ACTIVITY: Write out every entry, unchanged. Skip any picture.

Data entries:

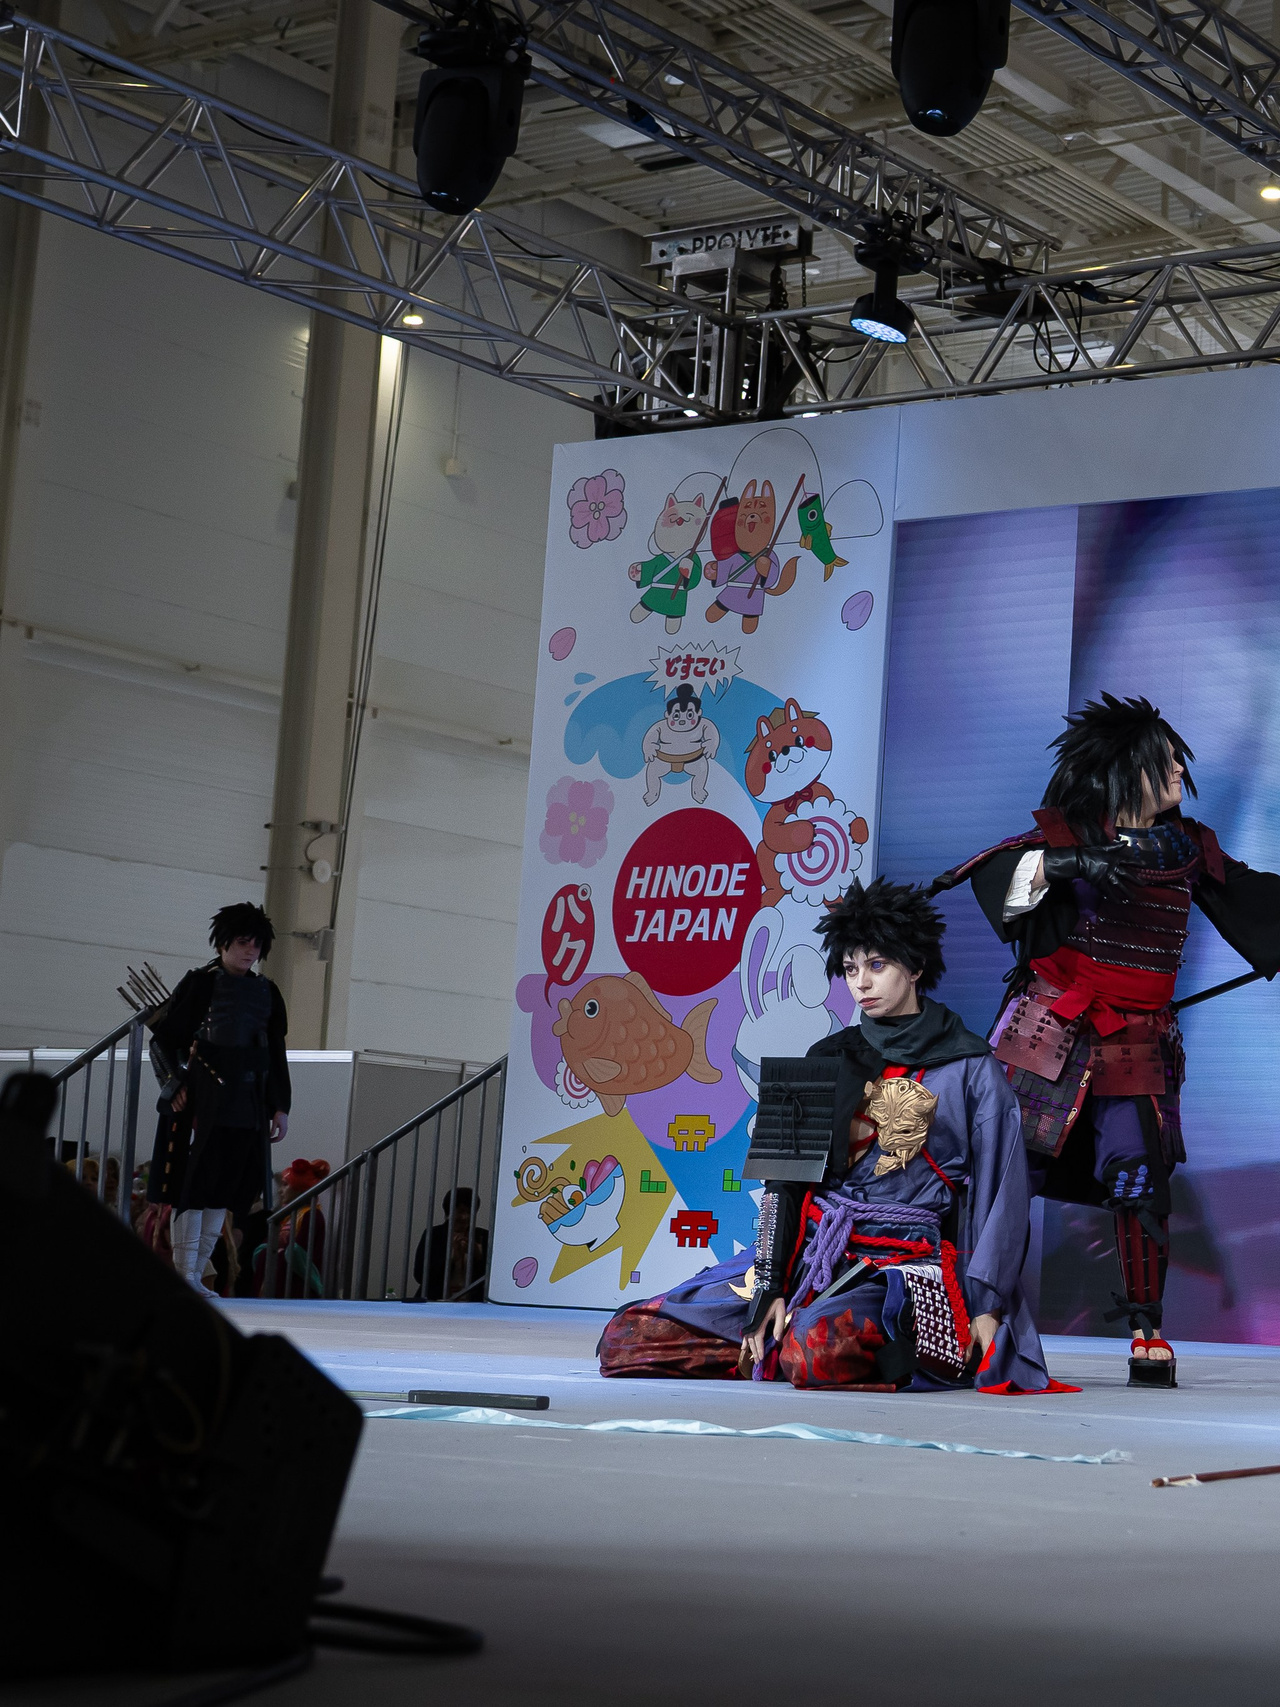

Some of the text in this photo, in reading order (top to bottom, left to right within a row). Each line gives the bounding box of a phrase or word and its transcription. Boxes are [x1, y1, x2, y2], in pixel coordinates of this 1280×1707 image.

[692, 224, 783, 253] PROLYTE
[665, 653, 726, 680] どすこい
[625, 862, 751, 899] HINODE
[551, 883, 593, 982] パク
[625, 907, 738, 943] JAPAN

ANSWER SECTION:
Some of the text in this photo, in reading order (top to bottom, left to right within a row). Each line gives the bounding box of a phrase or word and its transcription. Boxes are [x1, y1, x2, y2], in pixel coordinates of this 1280×1707 image.

[692, 224, 783, 253] PROLYTE
[665, 653, 726, 680] どすこい
[625, 862, 751, 899] HINODE
[551, 883, 593, 982] パク
[625, 907, 738, 943] JAPAN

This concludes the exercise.